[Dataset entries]
----------------------------------------
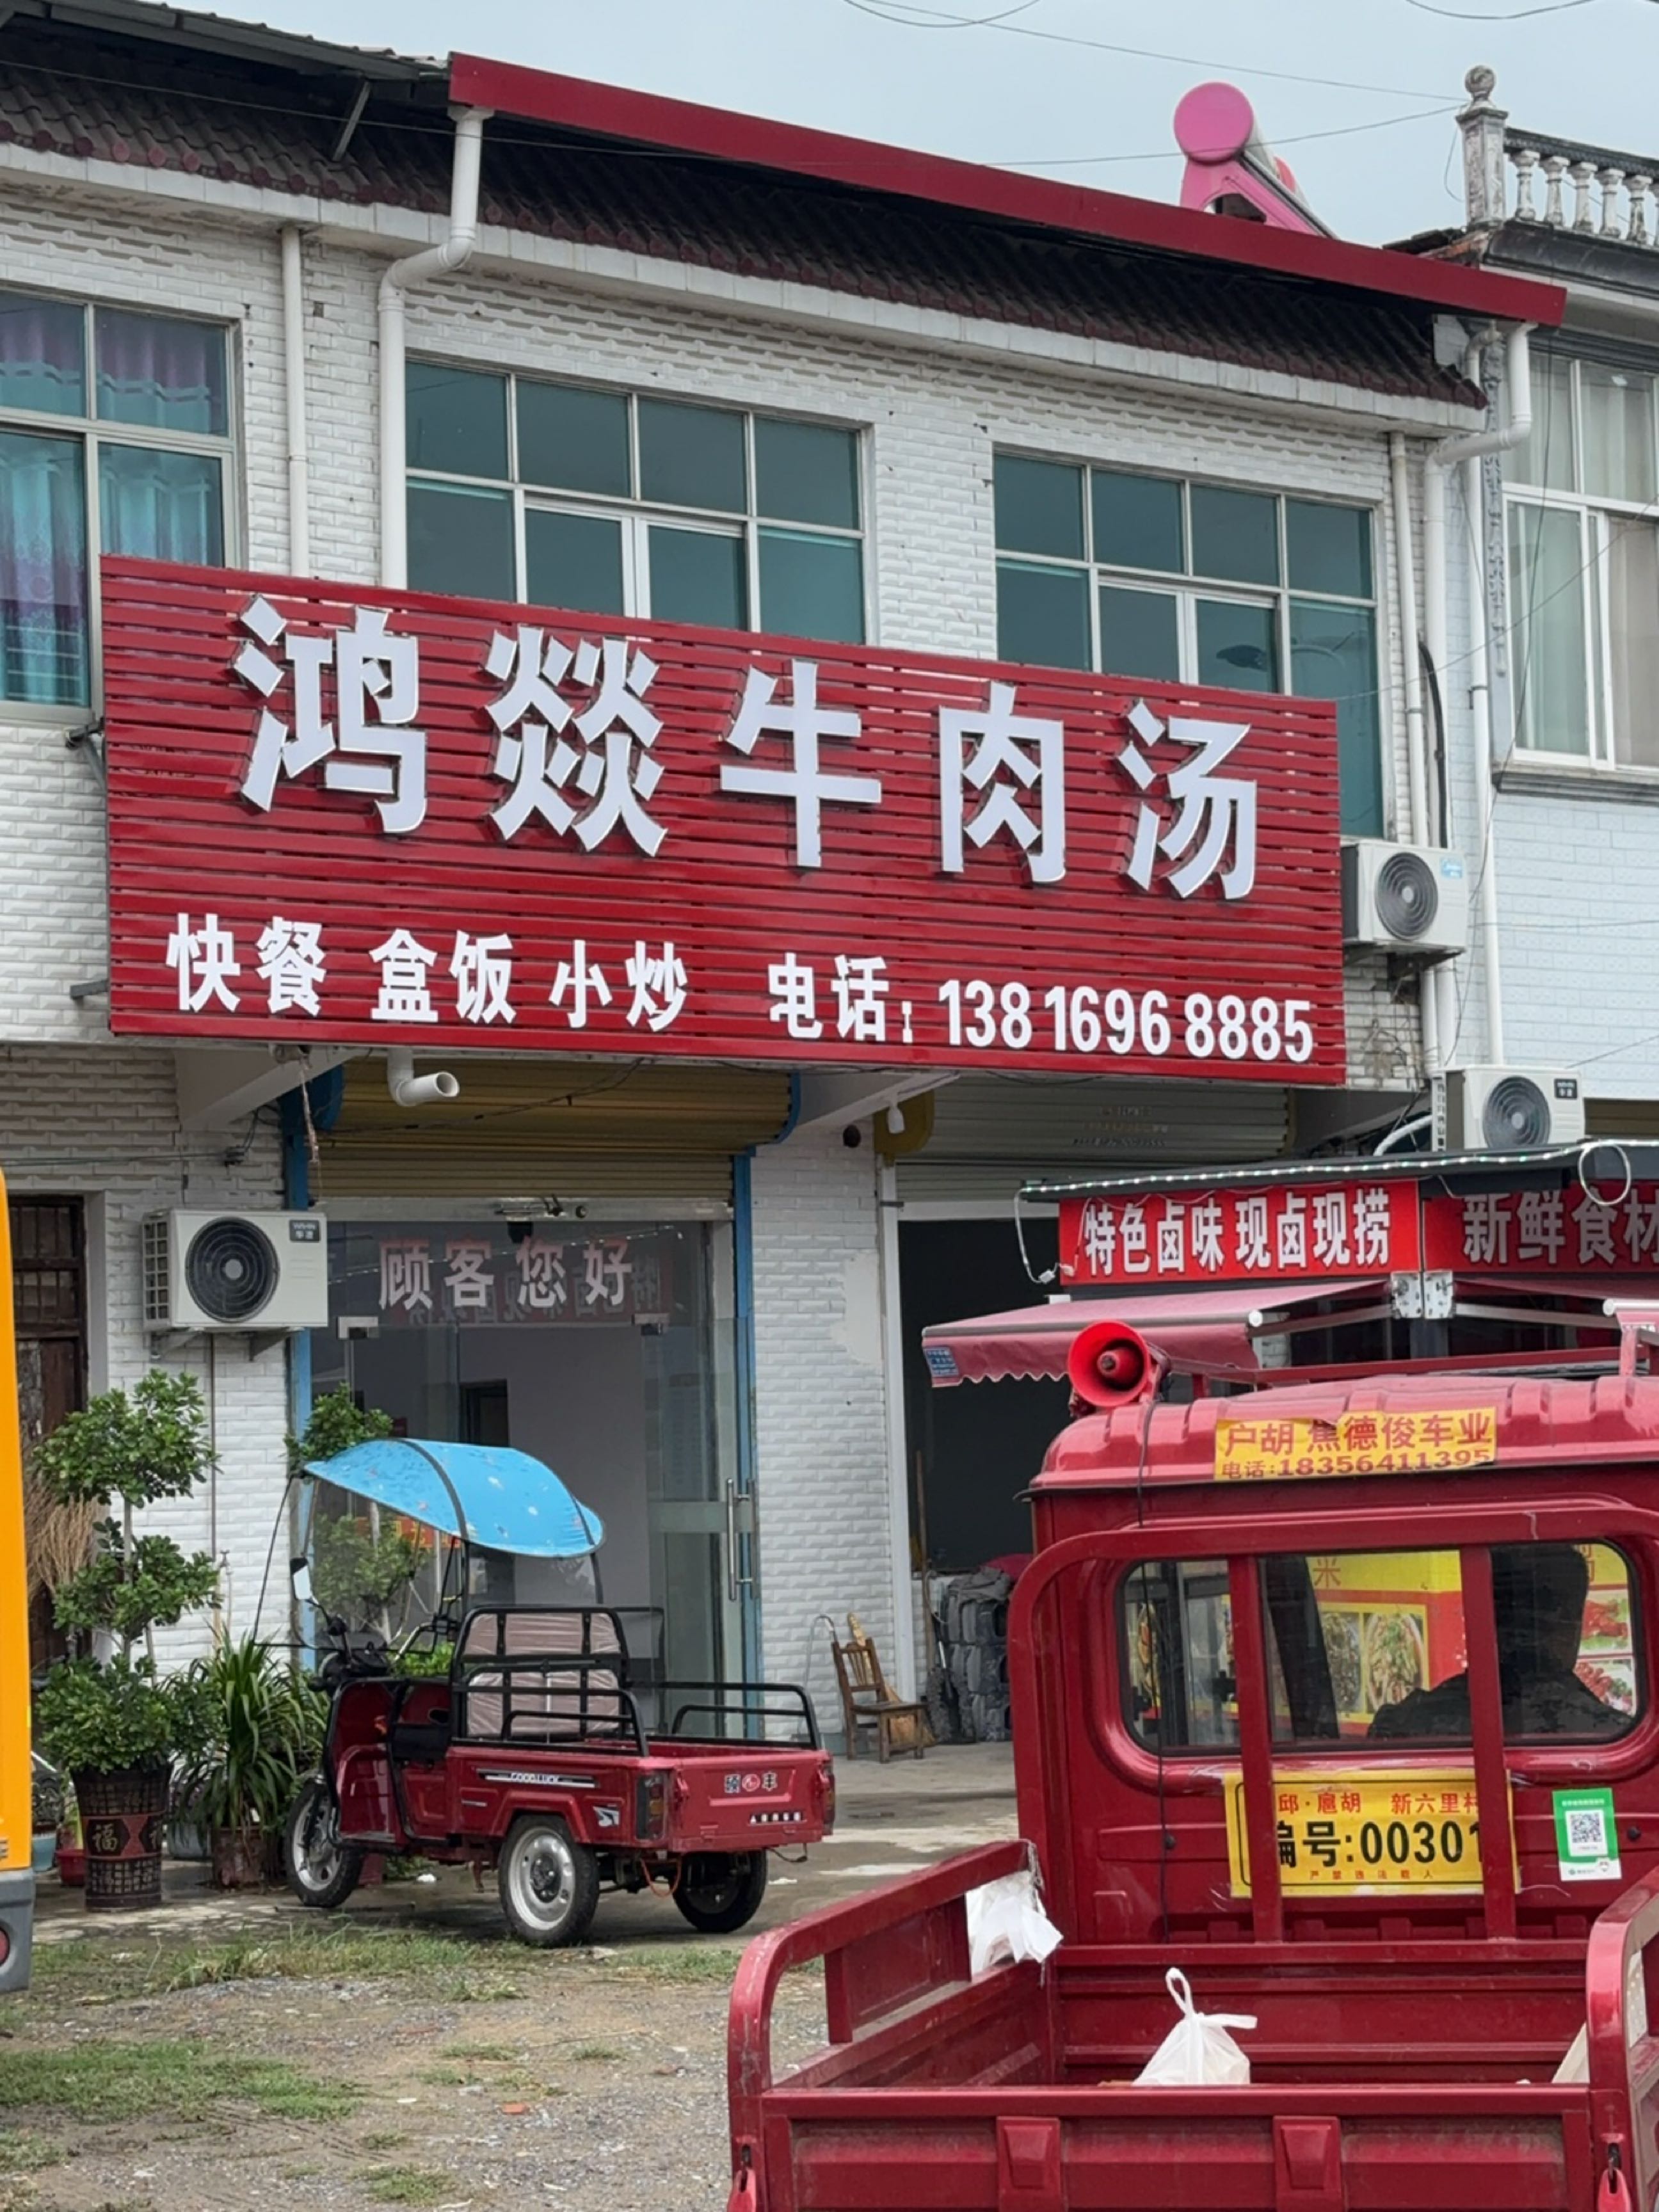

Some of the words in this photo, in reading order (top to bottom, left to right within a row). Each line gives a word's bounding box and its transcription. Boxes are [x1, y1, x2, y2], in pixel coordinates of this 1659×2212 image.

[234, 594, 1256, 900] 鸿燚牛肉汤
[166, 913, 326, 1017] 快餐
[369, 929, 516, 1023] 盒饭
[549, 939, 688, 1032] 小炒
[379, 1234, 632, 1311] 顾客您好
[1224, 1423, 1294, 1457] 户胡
----------------------------------------
* _Prompt_: Without any pictures, output the entries above exactly as they appear.

* _Result of the exercise_:
Some of the words in this photo, in reading order (top to bottom, left to right within a row). Each line gives a word's bounding box and its transcription. Boxes are [x1, y1, x2, y2], in pixel coordinates of this 1659×2212 image.

[234, 594, 1256, 900] 鸿燚牛肉汤
[166, 913, 326, 1017] 快餐
[369, 929, 516, 1023] 盒饭
[549, 939, 688, 1032] 小炒
[379, 1234, 632, 1311] 顾客您好
[1224, 1423, 1294, 1457] 户胡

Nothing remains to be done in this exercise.